- DATA FOR THIS TASK
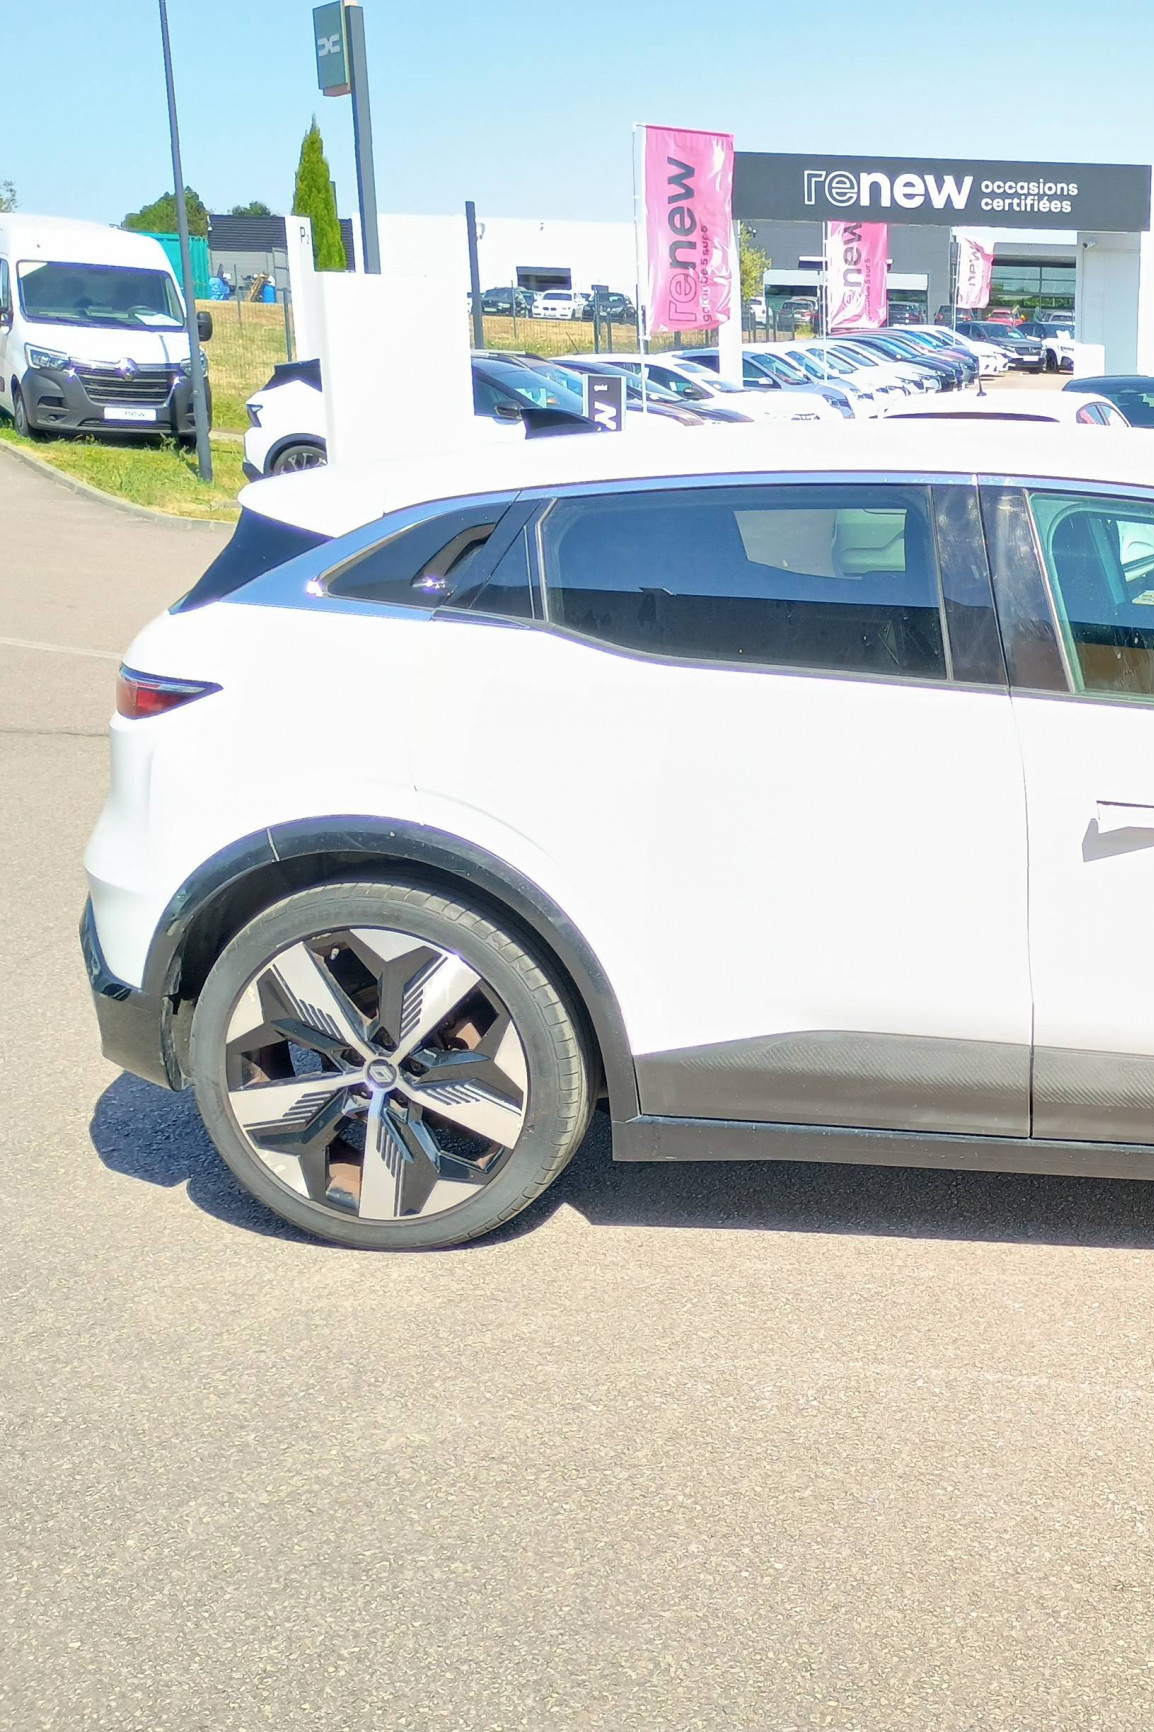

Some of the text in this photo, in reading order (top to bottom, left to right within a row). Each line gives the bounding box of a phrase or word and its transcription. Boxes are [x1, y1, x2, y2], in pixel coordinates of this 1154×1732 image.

[803, 169, 974, 210] renew
[981, 179, 1079, 196] occasions
[981, 195, 1072, 213] certifiées
[667, 156, 698, 323] renew
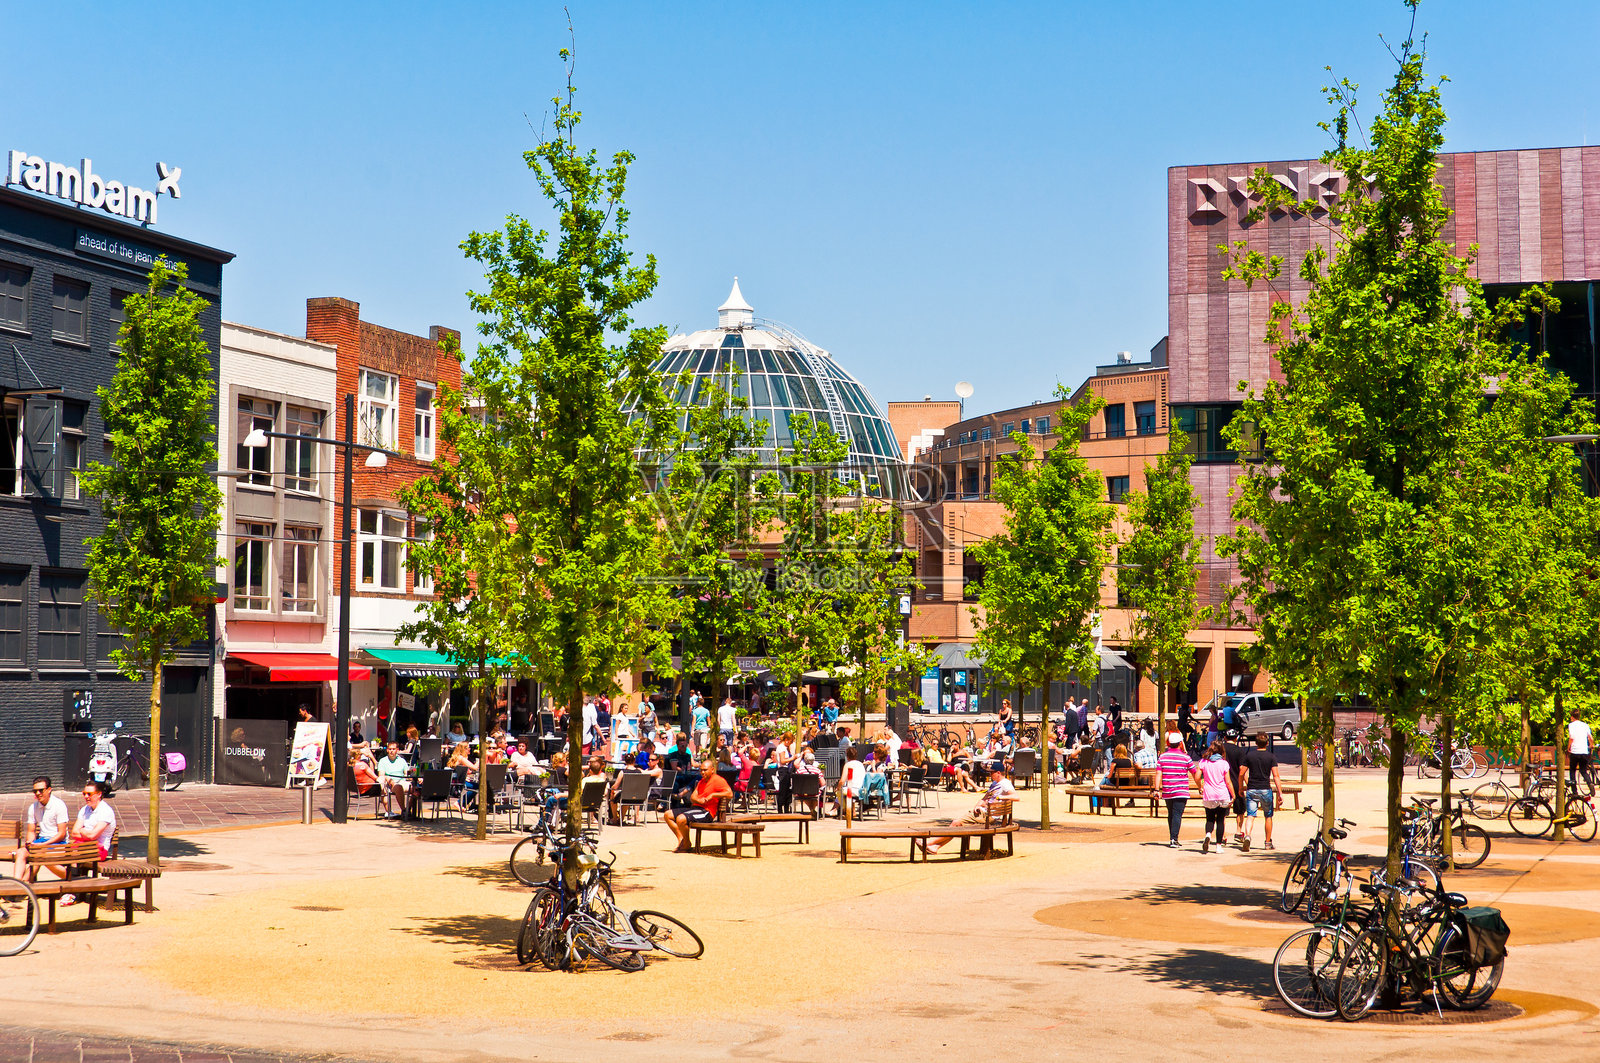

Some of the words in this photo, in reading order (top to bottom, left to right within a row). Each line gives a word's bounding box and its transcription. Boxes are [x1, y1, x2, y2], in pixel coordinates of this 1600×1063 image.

[8, 149, 158, 224] rambam
[79, 233, 107, 251] ahead
[109, 241, 118, 254] of
[120, 244, 133, 259] the
[134, 248, 153, 263] jean

- REQUIREMENT
Give back every record exactly. Omit the pictures.

- SOLUTION FOR THIS EXERCISE
Some of the text in this photo, in reading order (top to bottom, left to right within a row). Each line gives the bounding box of a phrase or word and its transcription. Boxes are [x1, y1, x2, y2], in pixel coordinates of this 1154×1732 image.

[803, 169, 974, 210] renew
[981, 179, 1079, 196] occasions
[981, 195, 1072, 213] certifiées
[667, 156, 698, 323] renew

Some of the words in this photo, in reading order (top to bottom, left to right within a row). Each line gives a word's bounding box and its transcription. Boxes are [x1, y1, x2, y2], in pixel coordinates of this 1600×1063 image.

[8, 149, 158, 224] rambam
[79, 233, 107, 251] ahead
[109, 241, 118, 254] of
[120, 244, 133, 259] the
[134, 248, 153, 263] jean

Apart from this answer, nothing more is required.